WHAT YOU NEED TO DO: Please write out every entry below exactly, leaving out any pictures.

SUPPLIED MATERIAL:

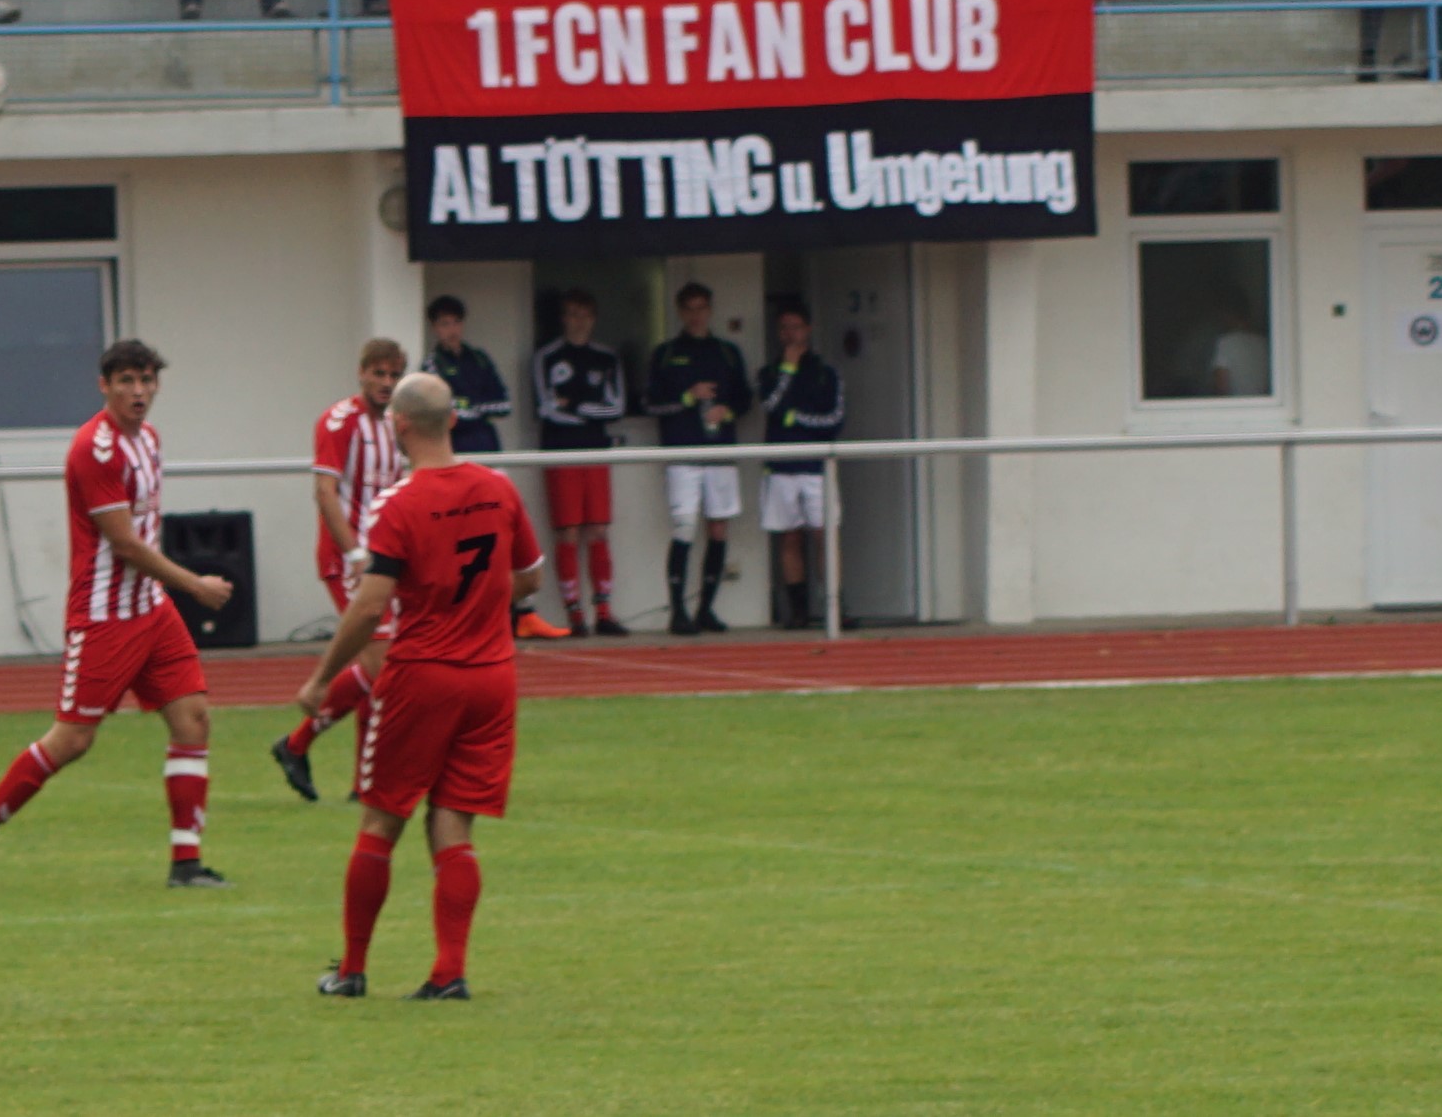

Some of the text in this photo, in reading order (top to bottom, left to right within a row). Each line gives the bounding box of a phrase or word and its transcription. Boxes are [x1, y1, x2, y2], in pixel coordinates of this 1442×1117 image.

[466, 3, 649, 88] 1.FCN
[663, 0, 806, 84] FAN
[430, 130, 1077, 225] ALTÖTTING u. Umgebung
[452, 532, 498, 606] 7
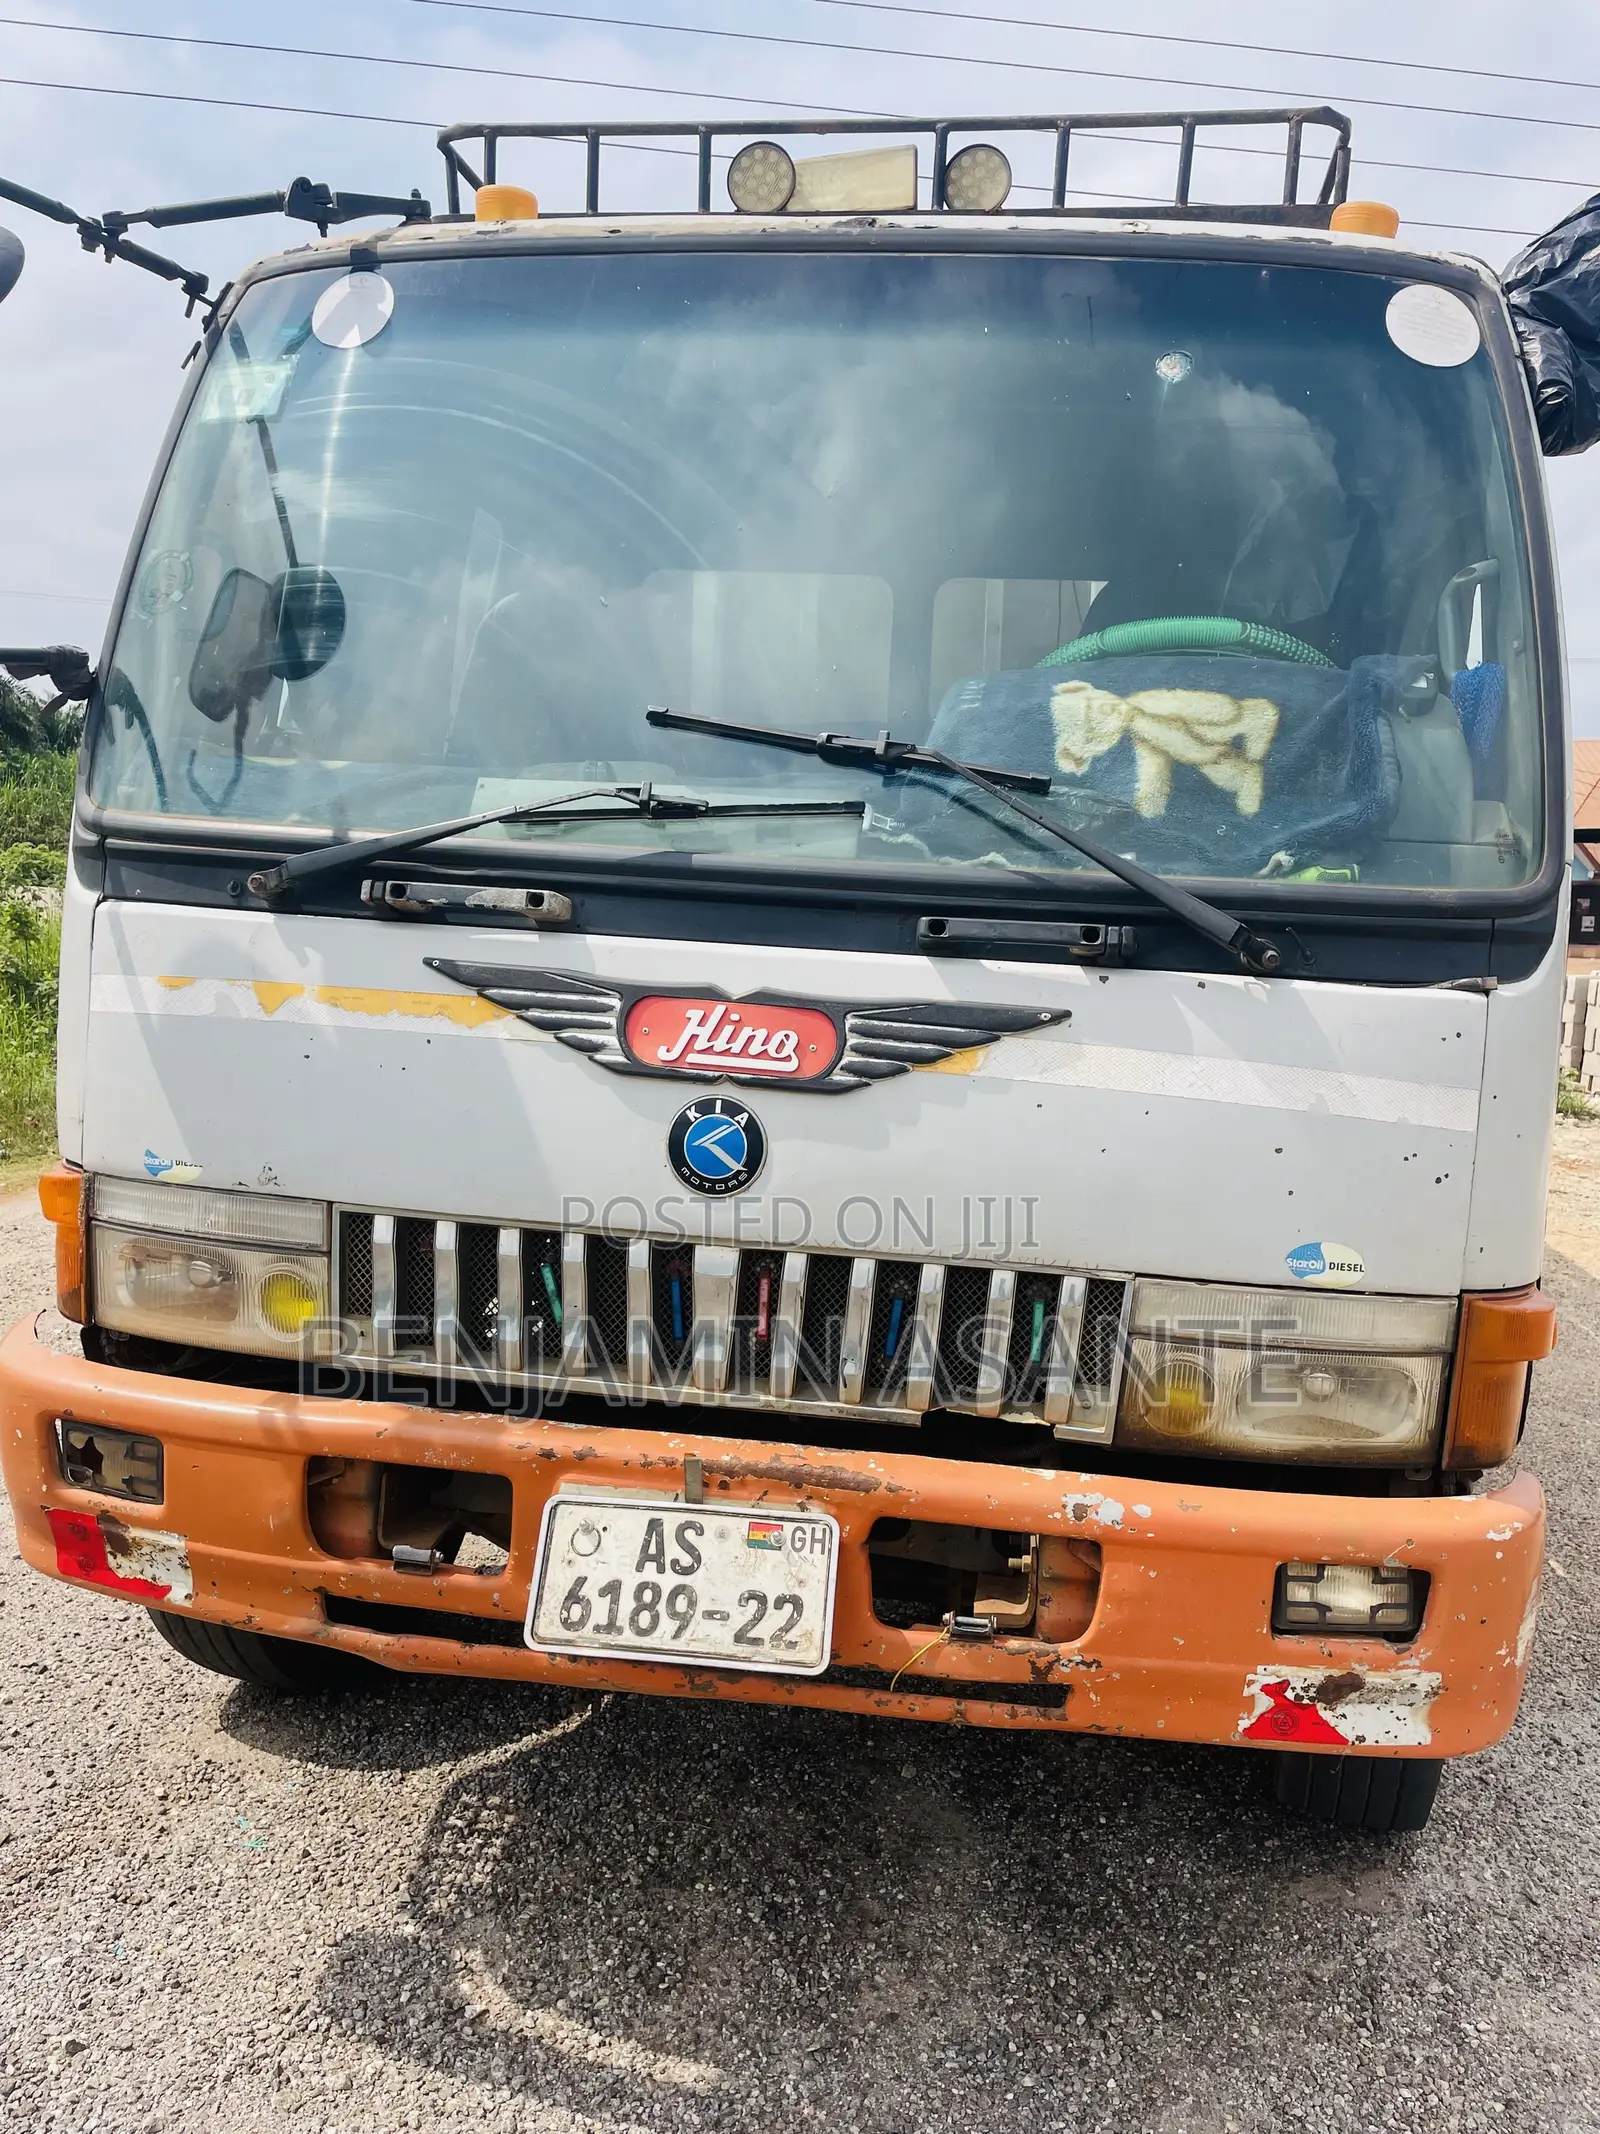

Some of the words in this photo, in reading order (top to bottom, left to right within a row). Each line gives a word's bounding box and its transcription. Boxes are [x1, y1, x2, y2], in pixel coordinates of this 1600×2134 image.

REPLY TO THE EXERCISE:
Some of the text in this photo, in reading order (top to bottom, left to right within a row). Each line gives the bounding box of a phrase or word and its transcription. Boxes are [x1, y1, x2, y2], in pixel coordinates of this 1442×1117 image.

[466, 3, 649, 88] 1.FCN
[663, 0, 806, 84] FAN
[430, 130, 1077, 225] ALTÖTTING u. Umgebung
[452, 532, 498, 606] 7

Some of the words in this photo, in reading order (top to bottom, left to right within a row). Each line gives a word's bounding box and its transcription. Boxes are [x1, y1, x2, y2], in pixel coordinates of this 1600×2134 image.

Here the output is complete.